● EXERCISE
Could you restate the data word for word?

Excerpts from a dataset
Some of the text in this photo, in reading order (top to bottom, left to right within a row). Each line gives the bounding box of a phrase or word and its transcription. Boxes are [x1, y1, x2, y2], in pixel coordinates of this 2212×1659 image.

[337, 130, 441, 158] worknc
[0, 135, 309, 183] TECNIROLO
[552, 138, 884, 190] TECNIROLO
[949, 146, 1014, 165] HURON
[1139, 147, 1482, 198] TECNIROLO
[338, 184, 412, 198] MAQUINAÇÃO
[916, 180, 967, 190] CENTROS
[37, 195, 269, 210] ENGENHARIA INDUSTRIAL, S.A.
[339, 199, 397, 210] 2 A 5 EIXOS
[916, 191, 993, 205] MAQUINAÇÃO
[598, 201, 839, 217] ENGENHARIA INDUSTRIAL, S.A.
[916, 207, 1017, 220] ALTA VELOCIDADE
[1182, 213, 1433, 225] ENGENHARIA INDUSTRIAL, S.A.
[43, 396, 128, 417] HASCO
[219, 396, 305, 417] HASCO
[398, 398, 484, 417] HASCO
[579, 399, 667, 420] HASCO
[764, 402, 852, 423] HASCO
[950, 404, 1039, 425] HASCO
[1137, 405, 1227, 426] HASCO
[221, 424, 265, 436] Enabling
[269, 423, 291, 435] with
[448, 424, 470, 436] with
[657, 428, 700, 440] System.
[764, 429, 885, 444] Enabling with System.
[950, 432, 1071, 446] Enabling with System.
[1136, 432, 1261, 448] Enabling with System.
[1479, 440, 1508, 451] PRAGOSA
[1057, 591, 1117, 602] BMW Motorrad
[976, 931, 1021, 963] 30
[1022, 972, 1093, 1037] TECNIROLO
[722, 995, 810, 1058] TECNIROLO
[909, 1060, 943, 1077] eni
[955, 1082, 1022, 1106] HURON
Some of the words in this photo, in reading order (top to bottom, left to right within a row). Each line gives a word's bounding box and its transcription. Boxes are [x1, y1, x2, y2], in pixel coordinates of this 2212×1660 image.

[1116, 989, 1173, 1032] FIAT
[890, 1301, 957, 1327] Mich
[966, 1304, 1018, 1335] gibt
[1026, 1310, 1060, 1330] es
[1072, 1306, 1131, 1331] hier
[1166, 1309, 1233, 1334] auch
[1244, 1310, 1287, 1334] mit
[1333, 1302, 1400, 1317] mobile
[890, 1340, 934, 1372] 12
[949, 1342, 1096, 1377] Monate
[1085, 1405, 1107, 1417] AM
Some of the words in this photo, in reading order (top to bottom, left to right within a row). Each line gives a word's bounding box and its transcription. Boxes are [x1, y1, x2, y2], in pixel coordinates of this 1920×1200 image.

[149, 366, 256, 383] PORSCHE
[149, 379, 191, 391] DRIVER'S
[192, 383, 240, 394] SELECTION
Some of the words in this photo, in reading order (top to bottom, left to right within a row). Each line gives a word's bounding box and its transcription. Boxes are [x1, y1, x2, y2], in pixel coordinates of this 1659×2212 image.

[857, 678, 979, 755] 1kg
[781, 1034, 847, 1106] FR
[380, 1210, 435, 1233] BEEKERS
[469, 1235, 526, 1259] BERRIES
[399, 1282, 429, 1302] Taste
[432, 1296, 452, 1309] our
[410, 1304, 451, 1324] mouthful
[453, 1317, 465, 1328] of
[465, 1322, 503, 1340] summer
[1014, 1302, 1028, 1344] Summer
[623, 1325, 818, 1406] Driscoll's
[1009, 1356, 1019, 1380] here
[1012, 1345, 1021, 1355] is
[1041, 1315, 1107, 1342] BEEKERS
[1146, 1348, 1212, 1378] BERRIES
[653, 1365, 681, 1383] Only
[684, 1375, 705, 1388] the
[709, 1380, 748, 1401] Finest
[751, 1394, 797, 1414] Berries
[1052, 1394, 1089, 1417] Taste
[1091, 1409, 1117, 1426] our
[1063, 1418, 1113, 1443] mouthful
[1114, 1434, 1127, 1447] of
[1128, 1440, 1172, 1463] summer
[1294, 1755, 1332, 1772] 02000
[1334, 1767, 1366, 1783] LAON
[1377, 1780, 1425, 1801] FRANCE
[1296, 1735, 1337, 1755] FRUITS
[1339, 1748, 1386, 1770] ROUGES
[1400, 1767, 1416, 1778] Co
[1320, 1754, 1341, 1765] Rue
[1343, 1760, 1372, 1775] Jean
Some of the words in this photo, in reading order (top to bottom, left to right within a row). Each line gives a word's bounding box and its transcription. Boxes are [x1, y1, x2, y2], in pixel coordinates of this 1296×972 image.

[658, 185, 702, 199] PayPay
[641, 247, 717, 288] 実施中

● TASK ANSWER
Some of the text in this photo, in reading order (top to bottom, left to right within a row). Each line gives the bounding box of a phrase or word and its transcription. Boxes are [x1, y1, x2, y2], in pixel coordinates of this 2212×1659 image.

[337, 130, 441, 158] worknc
[0, 135, 309, 183] TECNIROLO
[552, 138, 884, 190] TECNIROLO
[949, 146, 1014, 165] HURON
[1139, 147, 1482, 198] TECNIROLO
[338, 184, 412, 198] MAQUINAÇÃO
[916, 180, 967, 190] CENTROS
[37, 195, 269, 210] ENGENHARIA INDUSTRIAL, S.A.
[339, 199, 397, 210] 2 A 5 EIXOS
[916, 191, 993, 205] MAQUINAÇÃO
[598, 201, 839, 217] ENGENHARIA INDUSTRIAL, S.A.
[916, 207, 1017, 220] ALTA VELOCIDADE
[1182, 213, 1433, 225] ENGENHARIA INDUSTRIAL, S.A.
[43, 396, 128, 417] HASCO
[219, 396, 305, 417] HASCO
[398, 398, 484, 417] HASCO
[579, 399, 667, 420] HASCO
[764, 402, 852, 423] HASCO
[950, 404, 1039, 425] HASCO
[1137, 405, 1227, 426] HASCO
[221, 424, 265, 436] Enabling
[269, 423, 291, 435] with
[448, 424, 470, 436] with
[657, 428, 700, 440] System.
[764, 429, 885, 444] Enabling with System.
[950, 432, 1071, 446] Enabling with System.
[1136, 432, 1261, 448] Enabling with System.
[1479, 440, 1508, 451] PRAGOSA
[1057, 591, 1117, 602] BMW Motorrad
[976, 931, 1021, 963] 30
[1022, 972, 1093, 1037] TECNIROLO
[722, 995, 810, 1058] TECNIROLO
[909, 1060, 943, 1077] eni
[955, 1082, 1022, 1106] HURON
Some of the words in this photo, in reading order (top to bottom, left to right within a row). Each line gives a word's bounding box and its transcription. Boxes are [x1, y1, x2, y2], in pixel coordinates of this 2212×1660 image.

[1116, 989, 1173, 1032] FIAT
[890, 1301, 957, 1327] Mich
[966, 1304, 1018, 1335] gibt
[1026, 1310, 1060, 1330] es
[1072, 1306, 1131, 1331] hier
[1166, 1309, 1233, 1334] auch
[1244, 1310, 1287, 1334] mit
[1333, 1302, 1400, 1317] mobile
[890, 1340, 934, 1372] 12
[949, 1342, 1096, 1377] Monate
[1085, 1405, 1107, 1417] AM
Some of the words in this photo, in reading order (top to bottom, left to right within a row). Each line gives a word's bounding box and its transcription. Boxes are [x1, y1, x2, y2], in pixel coordinates of this 1920×1200 image.

[149, 366, 256, 383] PORSCHE
[149, 379, 191, 391] DRIVER'S
[192, 383, 240, 394] SELECTION
Some of the words in this photo, in reading order (top to bottom, left to right within a row). Each line gives a word's bounding box and its transcription. Boxes are [x1, y1, x2, y2], in pixel coordinates of this 1659×2212 image.

[857, 678, 979, 755] 1kg
[781, 1034, 847, 1106] FR
[380, 1210, 435, 1233] BEEKERS
[469, 1235, 526, 1259] BERRIES
[399, 1282, 429, 1302] Taste
[432, 1296, 452, 1309] our
[410, 1304, 451, 1324] mouthful
[453, 1317, 465, 1328] of
[465, 1322, 503, 1340] summer
[1014, 1302, 1028, 1344] Summer
[623, 1325, 818, 1406] Driscoll's
[1009, 1356, 1019, 1380] here
[1012, 1345, 1021, 1355] is
[1041, 1315, 1107, 1342] BEEKERS
[1146, 1348, 1212, 1378] BERRIES
[653, 1365, 681, 1383] Only
[684, 1375, 705, 1388] the
[709, 1380, 748, 1401] Finest
[751, 1394, 797, 1414] Berries
[1052, 1394, 1089, 1417] Taste
[1091, 1409, 1117, 1426] our
[1063, 1418, 1113, 1443] mouthful
[1114, 1434, 1127, 1447] of
[1128, 1440, 1172, 1463] summer
[1294, 1755, 1332, 1772] 02000
[1334, 1767, 1366, 1783] LAON
[1377, 1780, 1425, 1801] FRANCE
[1296, 1735, 1337, 1755] FRUITS
[1339, 1748, 1386, 1770] ROUGES
[1400, 1767, 1416, 1778] Co
[1320, 1754, 1341, 1765] Rue
[1343, 1760, 1372, 1775] Jean
Some of the words in this photo, in reading order (top to bottom, left to right within a row). Each line gives a word's bounding box and its transcription. Boxes are [x1, y1, x2, y2], in pixel coordinates of this 1296×972 image.

[658, 185, 702, 199] PayPay
[641, 247, 717, 288] 実施中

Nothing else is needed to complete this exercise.